Comment by biztos
9 years ago
Wow, I've been working with Oracle for a million years and I didn't know that.
Fortunately, now that I'm over a million years old I'm probably not going to freak out about it no matter how wrong it seems. I might relax my pro-NULL politics a bit though.
This was one of the first things I recall learning about Oracle when I had my first internship dealing with it.
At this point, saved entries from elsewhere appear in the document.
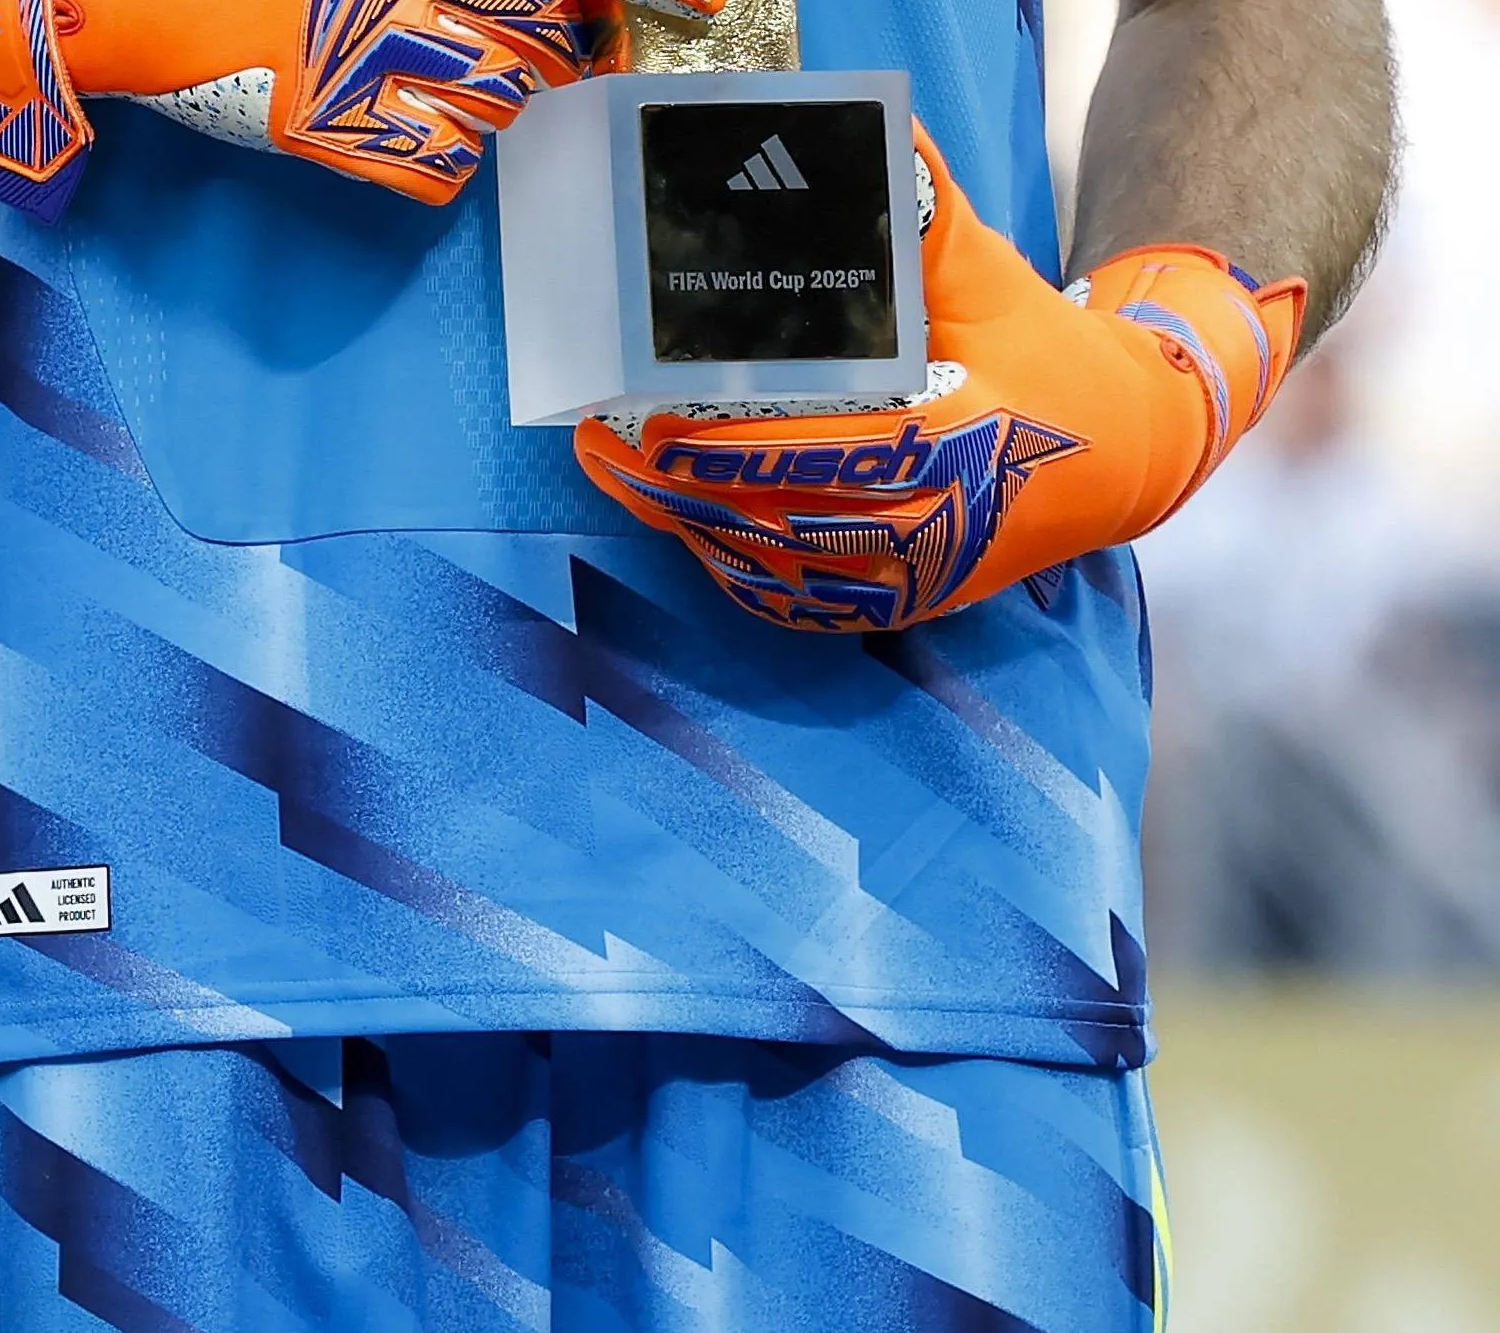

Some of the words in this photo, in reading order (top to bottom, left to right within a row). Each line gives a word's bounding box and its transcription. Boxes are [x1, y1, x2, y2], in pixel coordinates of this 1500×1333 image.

[669, 271, 708, 291] FIFA
[711, 271, 763, 290] World
[769, 270, 804, 293] Cup
[655, 423, 932, 483] reusch
[51, 877, 95, 890] AUTHENTIC
[57, 893, 95, 906] LICENSED
[59, 909, 95, 921] PRODUCT
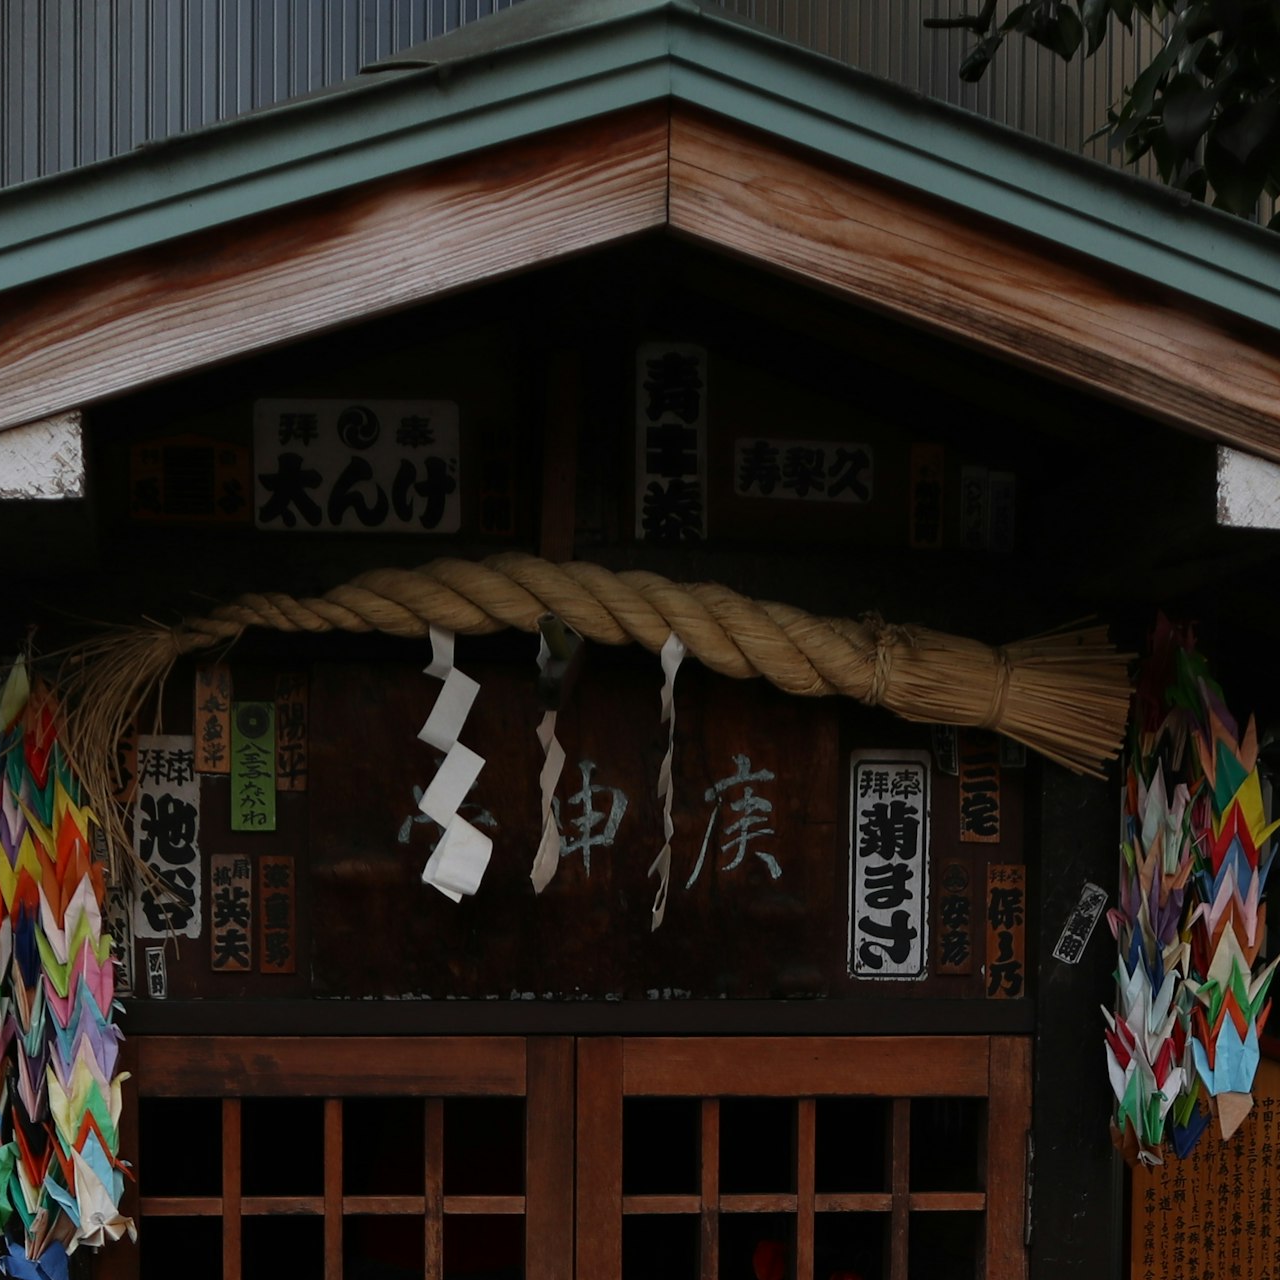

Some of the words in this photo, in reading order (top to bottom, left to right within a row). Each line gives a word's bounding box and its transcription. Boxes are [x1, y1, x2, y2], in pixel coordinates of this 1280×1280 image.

[961, 754, 999, 837] 三宅
[139, 793, 198, 933] 池谷
[214, 888, 251, 968] 英夫
It boggles my mind that you can work with Oracle for more than a week and not run into this.
Enjoy your boggle, because I've been working (on and off) with Oracle since 1994, and despite frequently being the "guy who explains NULL" I never ran across this, nor did anyone ever point it out to me.
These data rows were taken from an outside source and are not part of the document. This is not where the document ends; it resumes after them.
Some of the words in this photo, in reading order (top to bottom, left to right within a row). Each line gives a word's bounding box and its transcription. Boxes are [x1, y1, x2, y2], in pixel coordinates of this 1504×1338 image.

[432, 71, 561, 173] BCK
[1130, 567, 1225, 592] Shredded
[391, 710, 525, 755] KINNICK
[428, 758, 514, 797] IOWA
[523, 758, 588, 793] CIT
I would even say I've worked with some top-notch DBA's, and I've at times been insufferable in my defense of NULL as a concept, and the databases in question have dealt with a whole lot of data and made a whole lot of money -- yet somehow I didn't know this.
Yay HN. :-)
In my experience it most often manifests in the form of columns that are constrained not NOT NULL into which you suddenly can't insert, say, a user who has no last name.
Stupid question: Have you been able to side-step the limitation because an empty string is stored as NULL?
I discovered this porting an application from Postgres to Oracle. Another thing that drives me nuts about Oracle is that there is no native boolean type.